Entries taken from a collection:
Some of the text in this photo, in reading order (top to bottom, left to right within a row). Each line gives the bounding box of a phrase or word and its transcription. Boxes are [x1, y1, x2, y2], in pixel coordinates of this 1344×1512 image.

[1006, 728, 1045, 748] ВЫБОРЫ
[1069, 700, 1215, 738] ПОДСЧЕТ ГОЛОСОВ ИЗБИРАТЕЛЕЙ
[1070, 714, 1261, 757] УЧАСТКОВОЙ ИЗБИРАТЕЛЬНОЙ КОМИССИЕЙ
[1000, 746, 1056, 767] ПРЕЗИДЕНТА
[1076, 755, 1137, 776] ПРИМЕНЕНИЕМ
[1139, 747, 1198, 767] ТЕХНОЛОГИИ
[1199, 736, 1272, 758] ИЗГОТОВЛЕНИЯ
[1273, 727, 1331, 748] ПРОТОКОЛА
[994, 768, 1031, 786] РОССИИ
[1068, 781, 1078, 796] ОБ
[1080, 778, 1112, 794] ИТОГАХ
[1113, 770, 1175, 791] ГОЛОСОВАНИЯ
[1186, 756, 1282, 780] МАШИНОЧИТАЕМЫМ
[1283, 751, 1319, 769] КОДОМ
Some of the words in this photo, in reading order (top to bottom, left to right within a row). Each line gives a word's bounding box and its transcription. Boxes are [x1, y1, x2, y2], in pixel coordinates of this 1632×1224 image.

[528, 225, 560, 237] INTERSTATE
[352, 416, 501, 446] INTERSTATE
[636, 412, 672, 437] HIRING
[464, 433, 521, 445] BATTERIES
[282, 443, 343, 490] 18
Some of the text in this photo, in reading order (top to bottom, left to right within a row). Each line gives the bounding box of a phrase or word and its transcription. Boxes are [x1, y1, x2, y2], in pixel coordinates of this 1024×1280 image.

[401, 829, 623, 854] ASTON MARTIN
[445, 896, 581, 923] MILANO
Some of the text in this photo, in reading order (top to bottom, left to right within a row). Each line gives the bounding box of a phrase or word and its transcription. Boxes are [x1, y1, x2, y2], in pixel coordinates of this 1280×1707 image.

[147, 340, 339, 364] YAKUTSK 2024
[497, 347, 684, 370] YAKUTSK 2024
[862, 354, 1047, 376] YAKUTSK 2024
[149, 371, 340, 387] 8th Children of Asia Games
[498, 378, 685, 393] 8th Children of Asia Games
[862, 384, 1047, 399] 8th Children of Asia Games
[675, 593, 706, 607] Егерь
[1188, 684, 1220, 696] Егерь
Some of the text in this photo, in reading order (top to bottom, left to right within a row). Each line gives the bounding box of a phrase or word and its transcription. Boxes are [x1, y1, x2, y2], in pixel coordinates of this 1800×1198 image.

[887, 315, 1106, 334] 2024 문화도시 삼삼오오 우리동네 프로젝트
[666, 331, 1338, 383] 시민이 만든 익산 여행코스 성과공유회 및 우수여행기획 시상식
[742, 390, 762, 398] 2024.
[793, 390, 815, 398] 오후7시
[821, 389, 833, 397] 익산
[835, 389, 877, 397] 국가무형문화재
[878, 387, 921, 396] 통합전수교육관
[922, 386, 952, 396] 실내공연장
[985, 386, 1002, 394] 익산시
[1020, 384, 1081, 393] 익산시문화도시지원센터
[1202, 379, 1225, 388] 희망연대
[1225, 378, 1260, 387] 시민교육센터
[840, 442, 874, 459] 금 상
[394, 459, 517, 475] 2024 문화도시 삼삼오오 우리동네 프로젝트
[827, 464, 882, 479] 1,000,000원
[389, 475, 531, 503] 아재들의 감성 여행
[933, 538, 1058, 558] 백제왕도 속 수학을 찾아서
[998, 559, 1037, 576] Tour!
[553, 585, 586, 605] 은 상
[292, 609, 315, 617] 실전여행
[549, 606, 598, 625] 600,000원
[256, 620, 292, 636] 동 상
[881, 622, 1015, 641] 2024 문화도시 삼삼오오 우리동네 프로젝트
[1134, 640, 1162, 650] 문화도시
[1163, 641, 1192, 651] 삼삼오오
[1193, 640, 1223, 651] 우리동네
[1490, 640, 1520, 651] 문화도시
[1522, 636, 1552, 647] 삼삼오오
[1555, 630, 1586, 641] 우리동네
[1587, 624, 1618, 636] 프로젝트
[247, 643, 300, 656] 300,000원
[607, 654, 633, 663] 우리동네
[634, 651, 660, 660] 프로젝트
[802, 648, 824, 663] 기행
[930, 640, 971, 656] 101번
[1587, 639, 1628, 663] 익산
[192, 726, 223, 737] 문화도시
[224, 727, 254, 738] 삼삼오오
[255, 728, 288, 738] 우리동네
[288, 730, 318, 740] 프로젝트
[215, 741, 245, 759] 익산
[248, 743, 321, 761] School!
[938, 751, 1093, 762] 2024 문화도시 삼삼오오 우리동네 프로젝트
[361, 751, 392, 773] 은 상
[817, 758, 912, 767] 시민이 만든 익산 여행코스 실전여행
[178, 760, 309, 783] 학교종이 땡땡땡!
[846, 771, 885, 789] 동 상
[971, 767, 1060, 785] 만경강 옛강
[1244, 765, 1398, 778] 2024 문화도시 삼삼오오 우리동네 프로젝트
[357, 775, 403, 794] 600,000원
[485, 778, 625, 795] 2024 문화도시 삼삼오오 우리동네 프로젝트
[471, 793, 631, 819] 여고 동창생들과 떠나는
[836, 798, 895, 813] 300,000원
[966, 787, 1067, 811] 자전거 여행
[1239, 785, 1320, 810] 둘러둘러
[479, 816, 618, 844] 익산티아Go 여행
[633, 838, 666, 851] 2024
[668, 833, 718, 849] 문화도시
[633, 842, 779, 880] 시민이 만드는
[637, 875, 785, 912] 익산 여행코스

> _EXERCISE AIM_
Line by line, the data should be returned exactly as written.

> _WRITTEN SOLUTION_
Some of the text in this photo, in reading order (top to bottom, left to right within a row). Each line gives the bounding box of a phrase or word and its transcription. Boxes are [x1, y1, x2, y2], in pixel coordinates of this 1344×1512 image.

[1006, 728, 1045, 748] ВЫБОРЫ
[1069, 700, 1215, 738] ПОДСЧЕТ ГОЛОСОВ ИЗБИРАТЕЛЕЙ
[1070, 714, 1261, 757] УЧАСТКОВОЙ ИЗБИРАТЕЛЬНОЙ КОМИССИЕЙ
[1000, 746, 1056, 767] ПРЕЗИДЕНТА
[1076, 755, 1137, 776] ПРИМЕНЕНИЕМ
[1139, 747, 1198, 767] ТЕХНОЛОГИИ
[1199, 736, 1272, 758] ИЗГОТОВЛЕНИЯ
[1273, 727, 1331, 748] ПРОТОКОЛА
[994, 768, 1031, 786] РОССИИ
[1068, 781, 1078, 796] ОБ
[1080, 778, 1112, 794] ИТОГАХ
[1113, 770, 1175, 791] ГОЛОСОВАНИЯ
[1186, 756, 1282, 780] МАШИНОЧИТАЕМЫМ
[1283, 751, 1319, 769] КОДОМ
Some of the words in this photo, in reading order (top to bottom, left to right within a row). Each line gives a word's bounding box and its transcription. Boxes are [x1, y1, x2, y2], in pixel coordinates of this 1632×1224 image.

[528, 225, 560, 237] INTERSTATE
[352, 416, 501, 446] INTERSTATE
[636, 412, 672, 437] HIRING
[464, 433, 521, 445] BATTERIES
[282, 443, 343, 490] 18
Some of the text in this photo, in reading order (top to bottom, left to right within a row). Each line gives the bounding box of a phrase or word and its transcription. Boxes are [x1, y1, x2, y2], in pixel coordinates of this 1024×1280 image.

[401, 829, 623, 854] ASTON MARTIN
[445, 896, 581, 923] MILANO
Some of the text in this photo, in reading order (top to bottom, left to right within a row). Each line gives the bounding box of a phrase or word and its transcription. Boxes are [x1, y1, x2, y2], in pixel coordinates of this 1280×1707 image.

[147, 340, 339, 364] YAKUTSK 2024
[497, 347, 684, 370] YAKUTSK 2024
[862, 354, 1047, 376] YAKUTSK 2024
[149, 371, 340, 387] 8th Children of Asia Games
[498, 378, 685, 393] 8th Children of Asia Games
[862, 384, 1047, 399] 8th Children of Asia Games
[675, 593, 706, 607] Егерь
[1188, 684, 1220, 696] Егерь
Some of the text in this photo, in reading order (top to bottom, left to right within a row). Each line gives the bounding box of a phrase or word and its transcription. Boxes are [x1, y1, x2, y2], in pixel coordinates of this 1800×1198 image.

[887, 315, 1106, 334] 2024 문화도시 삼삼오오 우리동네 프로젝트
[666, 331, 1338, 383] 시민이 만든 익산 여행코스 성과공유회 및 우수여행기획 시상식
[742, 390, 762, 398] 2024.
[793, 390, 815, 398] 오후7시
[821, 389, 833, 397] 익산
[835, 389, 877, 397] 국가무형문화재
[878, 387, 921, 396] 통합전수교육관
[922, 386, 952, 396] 실내공연장
[985, 386, 1002, 394] 익산시
[1020, 384, 1081, 393] 익산시문화도시지원센터
[1202, 379, 1225, 388] 희망연대
[1225, 378, 1260, 387] 시민교육센터
[840, 442, 874, 459] 금 상
[394, 459, 517, 475] 2024 문화도시 삼삼오오 우리동네 프로젝트
[827, 464, 882, 479] 1,000,000원
[389, 475, 531, 503] 아재들의 감성 여행
[933, 538, 1058, 558] 백제왕도 속 수학을 찾아서
[998, 559, 1037, 576] Tour!
[553, 585, 586, 605] 은 상
[292, 609, 315, 617] 실전여행
[549, 606, 598, 625] 600,000원
[256, 620, 292, 636] 동 상
[881, 622, 1015, 641] 2024 문화도시 삼삼오오 우리동네 프로젝트
[1134, 640, 1162, 650] 문화도시
[1163, 641, 1192, 651] 삼삼오오
[1193, 640, 1223, 651] 우리동네
[1490, 640, 1520, 651] 문화도시
[1522, 636, 1552, 647] 삼삼오오
[1555, 630, 1586, 641] 우리동네
[1587, 624, 1618, 636] 프로젝트
[247, 643, 300, 656] 300,000원
[607, 654, 633, 663] 우리동네
[634, 651, 660, 660] 프로젝트
[802, 648, 824, 663] 기행
[930, 640, 971, 656] 101번
[1587, 639, 1628, 663] 익산
[192, 726, 223, 737] 문화도시
[224, 727, 254, 738] 삼삼오오
[255, 728, 288, 738] 우리동네
[288, 730, 318, 740] 프로젝트
[215, 741, 245, 759] 익산
[248, 743, 321, 761] School!
[938, 751, 1093, 762] 2024 문화도시 삼삼오오 우리동네 프로젝트
[361, 751, 392, 773] 은 상
[817, 758, 912, 767] 시민이 만든 익산 여행코스 실전여행
[178, 760, 309, 783] 학교종이 땡땡땡!
[846, 771, 885, 789] 동 상
[971, 767, 1060, 785] 만경강 옛강
[1244, 765, 1398, 778] 2024 문화도시 삼삼오오 우리동네 프로젝트
[357, 775, 403, 794] 600,000원
[485, 778, 625, 795] 2024 문화도시 삼삼오오 우리동네 프로젝트
[471, 793, 631, 819] 여고 동창생들과 떠나는
[836, 798, 895, 813] 300,000원
[966, 787, 1067, 811] 자전거 여행
[1239, 785, 1320, 810] 둘러둘러
[479, 816, 618, 844] 익산티아Go 여행
[633, 838, 666, 851] 2024
[668, 833, 718, 849] 문화도시
[633, 842, 779, 880] 시민이 만드는
[637, 875, 785, 912] 익산 여행코스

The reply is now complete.